• Session No.96 Social System I -Automated Driving-
  • October 15Kitakyushu International Conference Center International Conference Room9:30-11:10
  • Chair: TBD
For presentations that will not be available video streaming after congress, a “✕” is displayed in the “Video” column, so please check.
No. Video Title・Author (Affiliation)
1

Systematic Approach to Define Operational Design Domain from Individual Traffic Scene for Automated Driving Systems

Keisuke Shimono・Mitsuaki Hagino・Kimihiko Nakano (The University of Tokyo)

Explainable ODD to local government and citizens is required in the implementation phase of automated driving system (ADS). Each traffic scene is considered to design and development for ADS should be summarized systematically.
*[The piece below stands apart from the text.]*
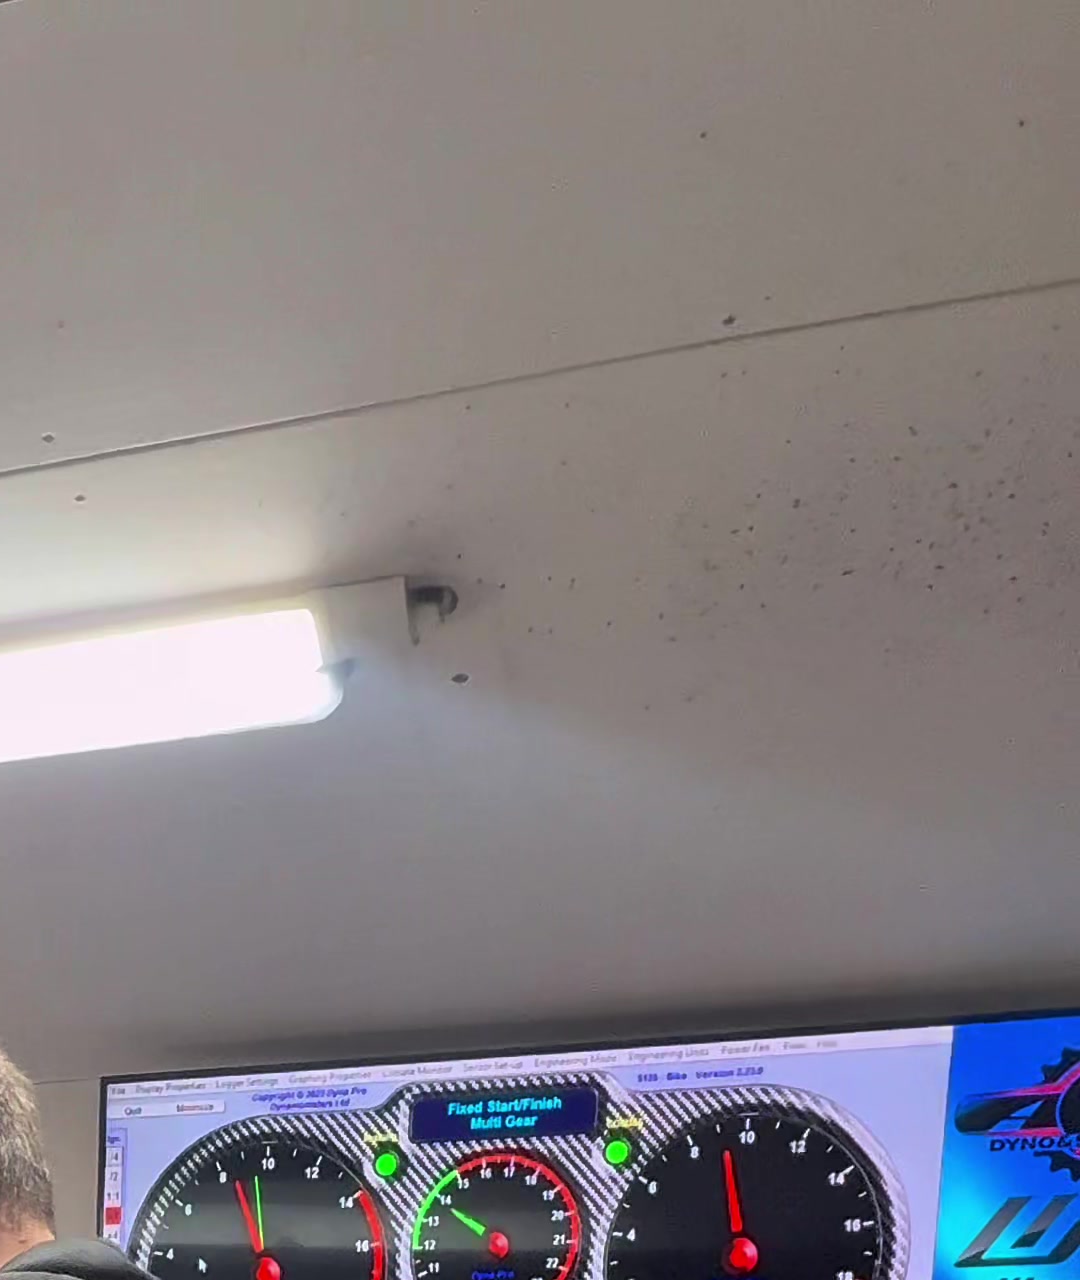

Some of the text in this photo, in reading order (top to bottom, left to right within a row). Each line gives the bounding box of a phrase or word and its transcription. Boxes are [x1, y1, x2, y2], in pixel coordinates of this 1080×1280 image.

Traffic scene includes several elements, therefore, those elements can be analyzed by graph approach to explain coverages of defined ODD to each traffic scene along the planned service route.

2

A Study on How Training Data Quality Affects the Performance of a VQA-based Model for Driving Scene Retrieval

Sota Nakanishi・Kento Ohtani・Kazuya Takeda (Graduate School of Informatics, Nagoya University)

In the field of autonomous driving, it has been pointed out that the quality of training data can adversely affect a model’s generalization performance and output stability.
This study focuses on a learning method that uses Visual Question Answering . We test this method using datasets that contain label bias and label inconsistency, and examine how stable the learning is and whether it avoids learning incorrect patterns.

3

Validation of autonomous vehicle management using remote assistance

Yasuhiro Akagi・Ryo Kanamori・Takayuki Morikawa (Nagoya University)

The remote assistance is a method which a human operator gives advice to an autonomous driving system to change its driving behavior from a remote location. In this paper, we impliment a remote assistance system to give advice for each traffic scenarios, such as passing through an unsignalized intersection, crossing a pedestrian crossing, and avoiding parked vehicles. We report on the effectiveness of the system based on field experiments in actual urban areas.

4

Occluded Vehicle Presence Estimation via Observable Vehicle Behaviors for Intersection Motion Planning

Koki Morita (Graduate School of Infomatics, Nagoya University)・Eijiro Takeuchi (TIER IV, inc.)・Kazuya Takeda (Graduate School of Infomatics, Nagoya University)

In autonomous driving, safe and efficient decision-making under occluded conditions is a critical important task.
overly conservative behavior that assumes the presence of unseen vehicles can cause unnecessary delays in traffic flow. We propose a method that observes the actions of visible surrounding vehicles and applies constraints to phantom vehicles in occluded regions, enabling more efficient motion planning. Using NuScenes dataset, real-world driving data, we demonstrate that our risk-constraint approach achieves more efficient decision-making than conventional models based on worst-case assumptions.